Two campaign offices of US Republican candidate John McCain in New Hampshire and Colorado were evacuated after receiving an envelope containing suspicious powder and a threatening letter. Staff have been placed under quarantine.
Staff members at two campaign offices for White House hopeful John McCain were quarantined Thursday after threatening letters containing a suspicious powder substance were received, officials said.
The first letter arrived at the Republican's campaign headquarters in a suburb of Denver, Colorado. A second letter was later reported at a McCain office in Manchester, New Hampshire.
Both buildings were evacuated and staff members sent to medical facilities for treatment under quarantine while FBI and Secret Service agents joined hazardous materials experts at both scenes.
Secret Service spokesman Eric Zahren told AFP that the envelope received in Centennial, a Denver suburb in the western state, "also contained a generic warning regarding the contents," but gave no further details.
"McCain staffers reported that they had received an envelope containing white powder in McCain's campaign office in Centennial," Zahren said.
"The staff has been quarantined and the building has been evacuated."
McCain spokesman Jeff Sadofky said that all campaign offices were put on the alert after the New Hampshire letter was found.
"We have put all of our offices on highest alert. They're looking for anything suspicious and all staff has been quarantined as of right now," he told Fox news.
"Immediately upon learning of this, federal and local law enforcement officials were notified," Sadofky said.
"Staffs were immediately transported to a local hospital. Hazmat is on the scene and is looking for more information," he added. "Our staff has evacuated as a precaution."
Asked about the content of the letters, Sadofky said: "The best I can tell you is that the letters contained a threat to those who have read it. We have turned everything over to law enforcement."
There were no immediate reports of injuries.
Fox television reported that between five and 25 staff and volunteers were at the McCain office in Centennial when the letter arrived in the mail, and that those people had been taken to hospital. It was unclear how many were in the New Hampshire office.
In Colorado, the Arapahoe County sheriff's office said police and fire officials responded to a "a call of a suspicious package, containing an unknown powder, that was delivered," to the headquarters.

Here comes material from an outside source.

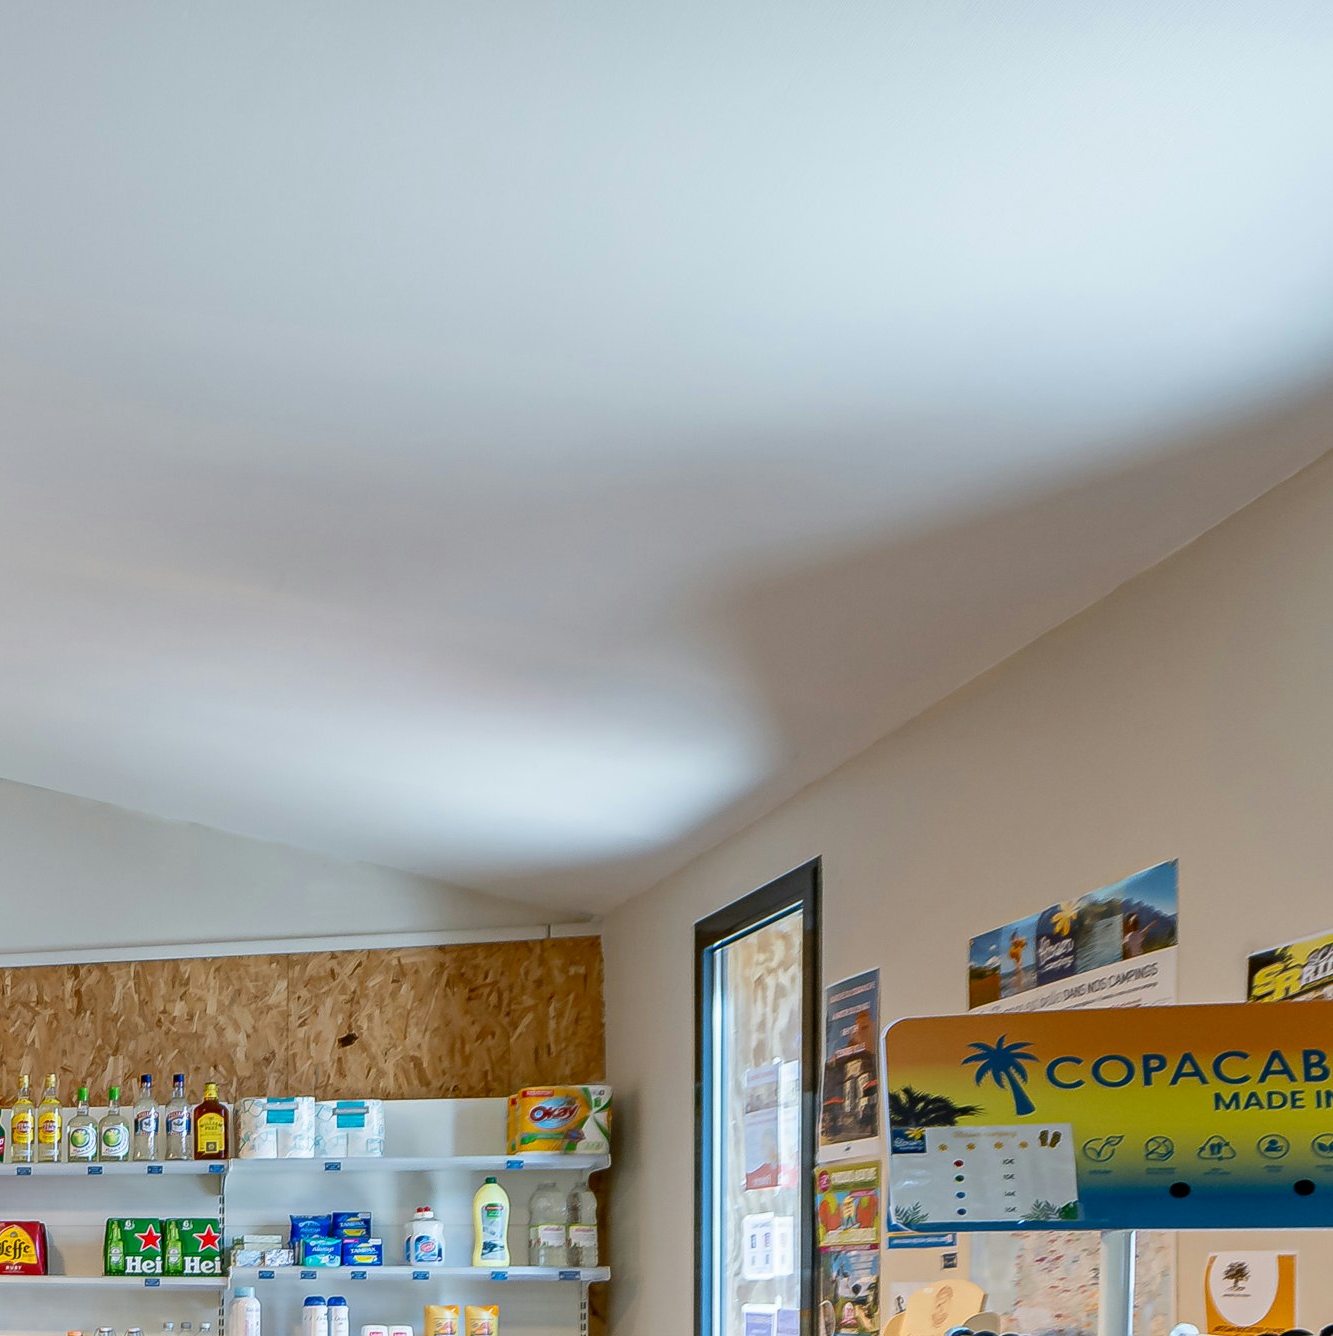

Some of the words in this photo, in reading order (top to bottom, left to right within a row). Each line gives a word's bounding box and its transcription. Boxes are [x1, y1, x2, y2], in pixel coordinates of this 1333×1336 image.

[1045, 1048, 1331, 1089] COPACAB
[1213, 1089, 1306, 1111] MADE
[528, 1103, 581, 1122] Okay

"At this time the scene has been secured and several people who may have been exposed to the substance are being examined by medical personnel," it said in a statement.
"The substance is being examined to determine if it is hazardous."
A spokeswoman for McCain's rival Barack Obama said they were unaware of any similar incidents at the Democrat's offices.
The Democratic Convention, at which the party will officially nominate Barack Obama as its candidate for the White House, is scheduled to take place August 25-28 convention in Denver.
Following the September 11, 2001 attacks, threatening letters containing anthrax were sent to prominent politicians and journalists, and five people died after coming in contact with the substance.
A US government scientist who was suspected to be responsible for those attacks committed suicide last month.
Earlier this month, a gunman walked into the headquarters of the Arkansas Democratic Party and killed its chairman, a top ally of former president Bill Clinton and his wife, Hillary. The shooter was later gunned down by police.